2 tsp finely grated lemon zest
2 cloves garlic, crushed with press
1 tsp fresh thyme, chopped
4 TBSP EVOO
Kosher salt & pepper
1 4 – to – 5 lb whole chicken, patted dry
1 medium onion, thinly sliced
1 bunch radishes, quartered
1. Heat oven to 350ﾟF.
2. In bowl, Mash together lemon zest, garlic, thyme, 2 TBSP EVOO & ½ tsp each salt & pepper until combined. Spread EVOO mixture evenly over chicken. Tie drumsticks together and tuck wings behind breast.
3. Place chicken on rack fitted into medium roasting Pan. Arrange onion and radishes around chicken. Brush 2 TBSP EVOO all over chicken, Then sprinkle With ½ teaspoon each salt and pepper. Poor ¼ cup water into bottom of a roasting Pan.

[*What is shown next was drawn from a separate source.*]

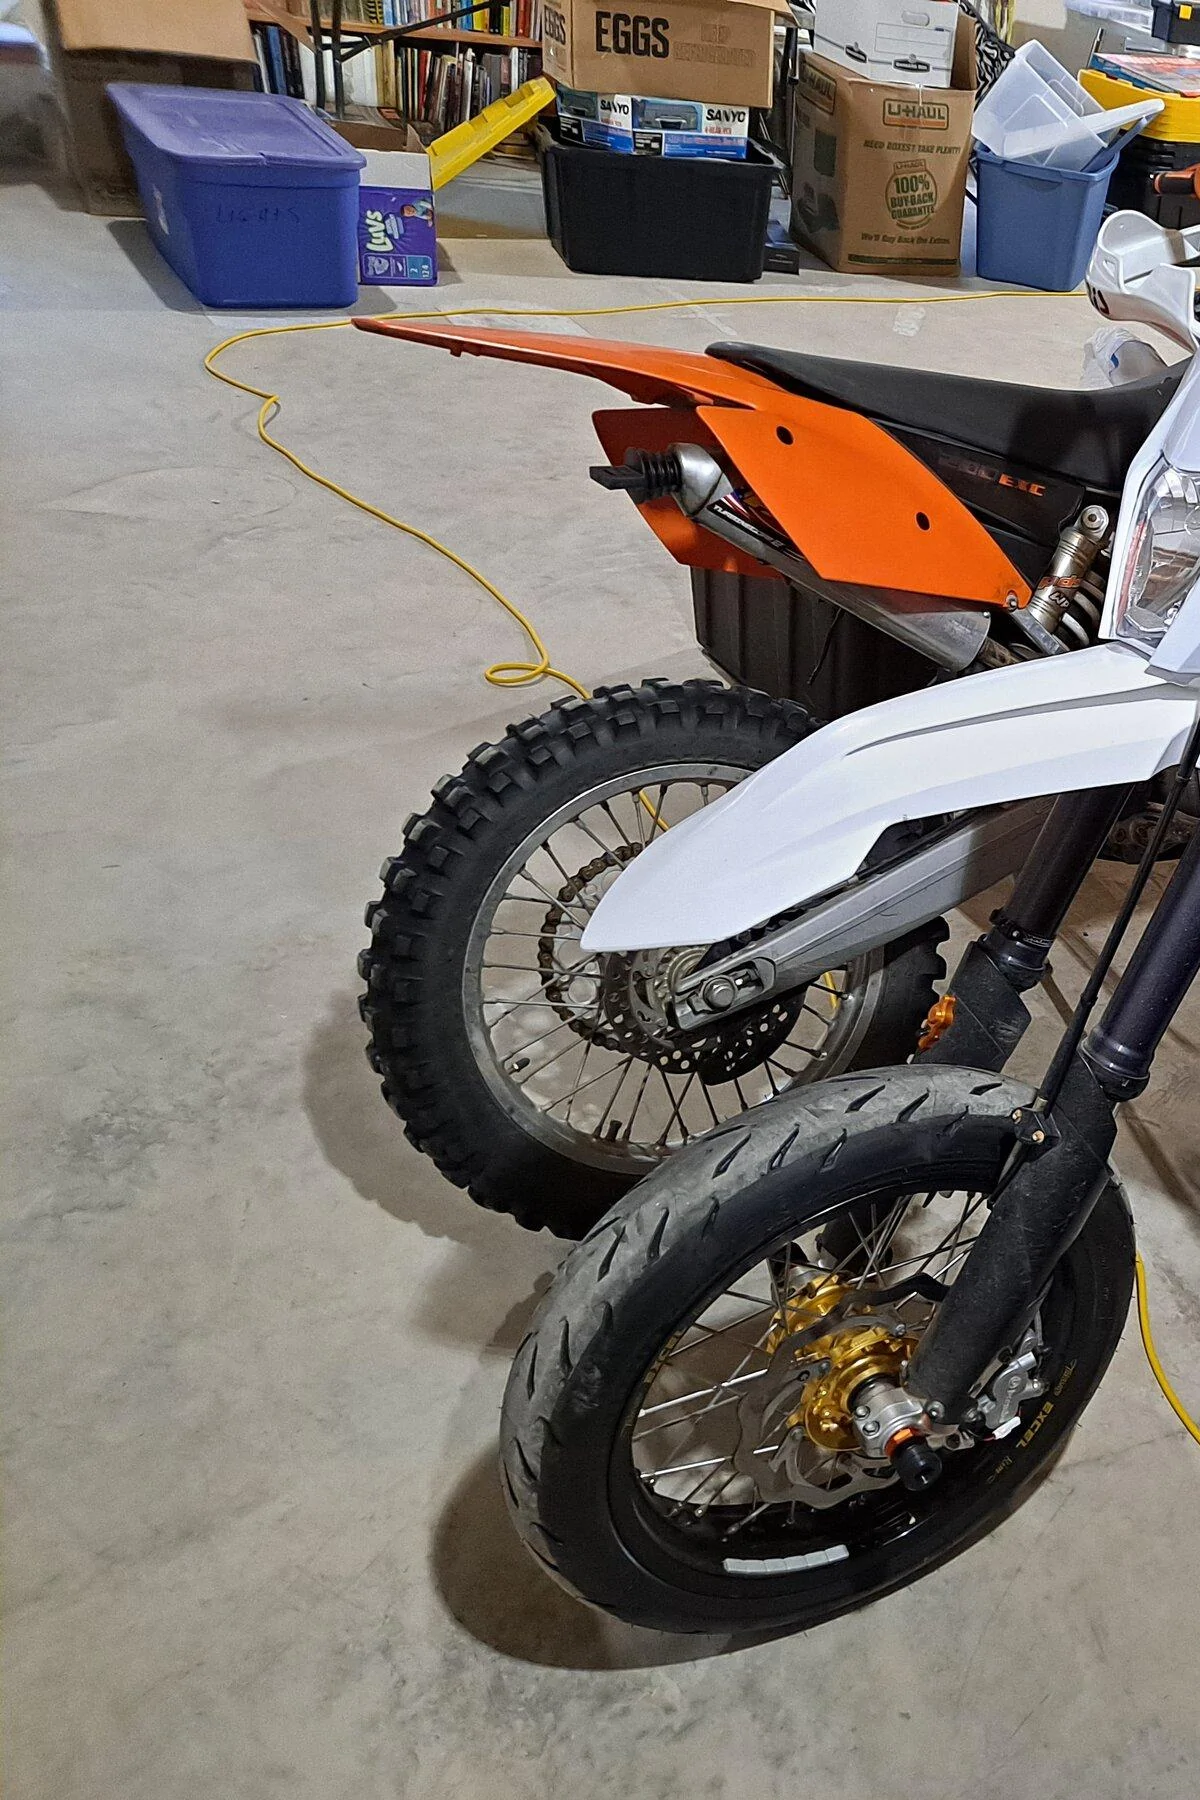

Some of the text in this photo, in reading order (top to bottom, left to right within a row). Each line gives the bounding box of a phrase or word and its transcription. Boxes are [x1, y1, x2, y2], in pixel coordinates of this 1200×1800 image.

4. Roast chicken 50 minutes. Increase oven temp to 425ﾟF and roast, checking to make sure water has not completely evaporated (add another ¼cup if necessary), Until thermometer inserted into thickest part of thigh registers 165ﾟF, 15 to 20 minutes more. Let chicken rest at least 15 minutes before carving.